Tuesday, July 03, 2007

Reflections of life.....

It's lunch time again.... I am skipping lunch today because I don't feel like eating. I might as well write something for relaxations......

I came from a family no different from the rest. My father was a perfect husband and father, he worked tirelessly running a small vegetable selling business to raise a big family. And my mother was a perfect housewife and mother, she stayed at home to take care of the family. Me and my siblings, although we share the same background, but take on the different roads in life.

As we grow up and started to have family of our own and managing the pressures that come with it, our priorities changed and we begin to drift apart. We hardly have time for each other. Sometimes, I do felt guilty for not spending more times with my siblings. Along the way, that "apartness" to a certain extend eroded the siblings' relationship. Sadly, the relationships do turn from close to cordial, and occasionally turned into distrust and angers due to various miscommunications. But I guess this is part and parcel of life, and the Almighty's sadistic test of putting human being to manage the moment of truth. I am not blaming God, but merely frustrated with lack of control of my oxymoronic approach of life.

About a month ago, a day before her arrival, my older brother broke the news to me that my younger sister is coming back for holiday. That night, I could hardly sleep to contain my excitements. I had not seen my younger sister for more than 10 years. I knew she is no longer the little teenager I used to know. I knew my younger sister has always been a fiercely independent and determined person. In my heart, she is always a wonderful person with so many beautiful qualities. I do hope she managed her life well and came back a happy woman, and I do pray to the Almighty that her husband treat her well and help her to adapt to the foreign land. Of course, I am also keen to know about pieces of her life during the past decade.

I maybe fluent in tapping the keyboard to express my thoughts, but when come to verbal expressions, I am just naturally not inclined to be vocal or expressive.
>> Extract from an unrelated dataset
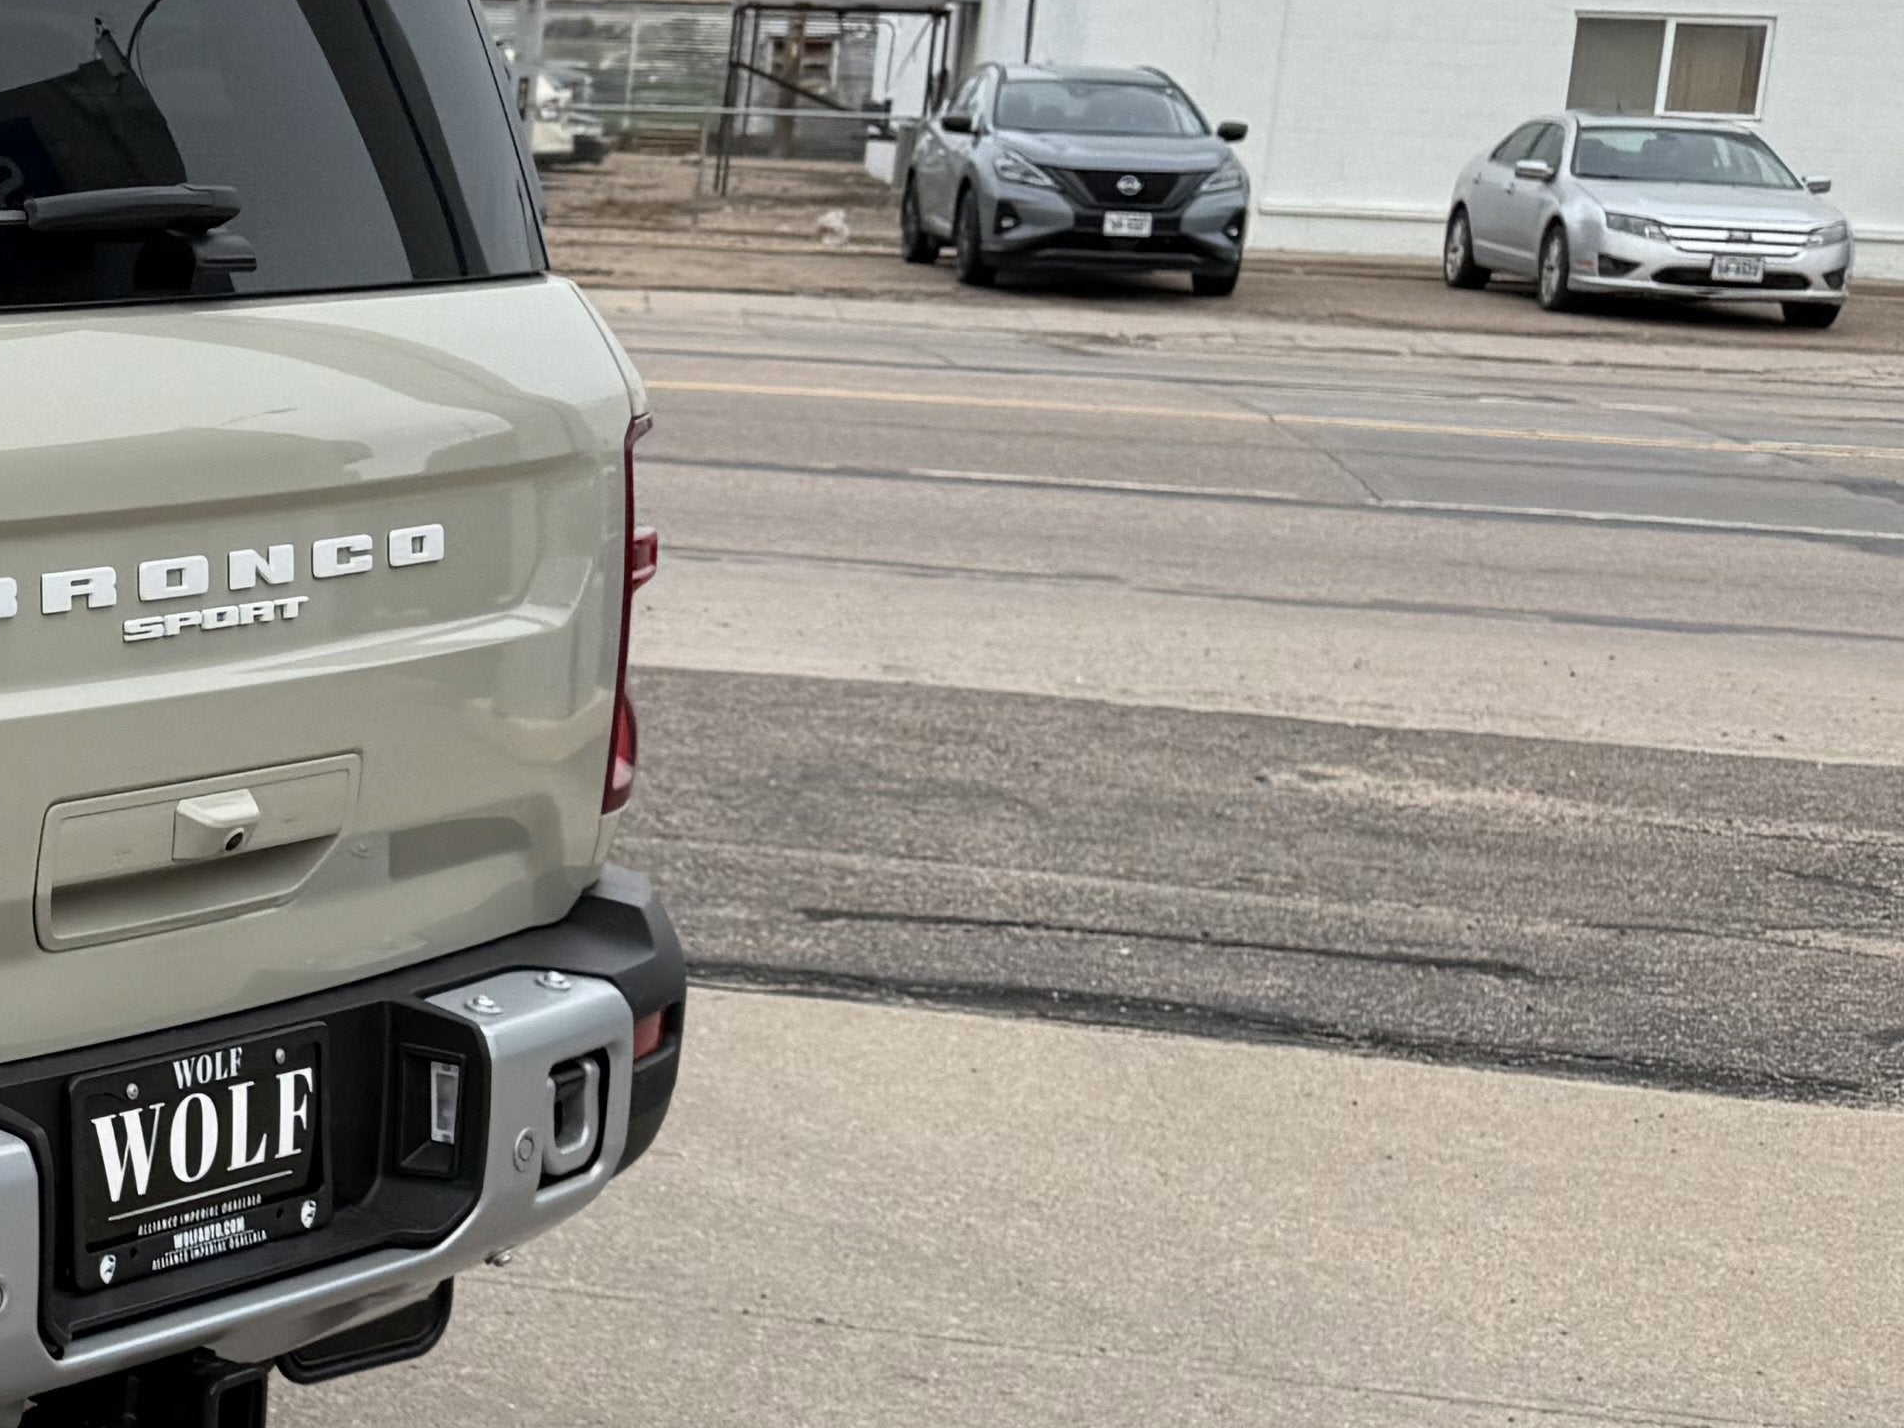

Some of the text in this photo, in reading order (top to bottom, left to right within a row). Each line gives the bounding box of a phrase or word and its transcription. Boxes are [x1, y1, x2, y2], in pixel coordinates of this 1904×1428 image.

Couple with the fact that, I am overloaded with managing cash flow commitments in my office and my wife was not in the best of health, I found myself in a situation of not paying more attention to her. She stayed for 10 days, and I spend less than 10 hours with her ! I do felt ashame for not spending more time with her to listen to life's story and to understand her a little bit more. She had travelled hours from one part of the world to be home, and yet I had the wrong obsessive priority of dealing with my personal problem first at the expense of family commitment. I am indeed a failure in managing family relationship !

Dear sister, sorry for my misplaced priority. My sincere apology. Next time when you come back again, I will make it up to you. I promise I will put aside everything............

May God grace you and your husband with good health and happiness. Om Mani Padme Hum.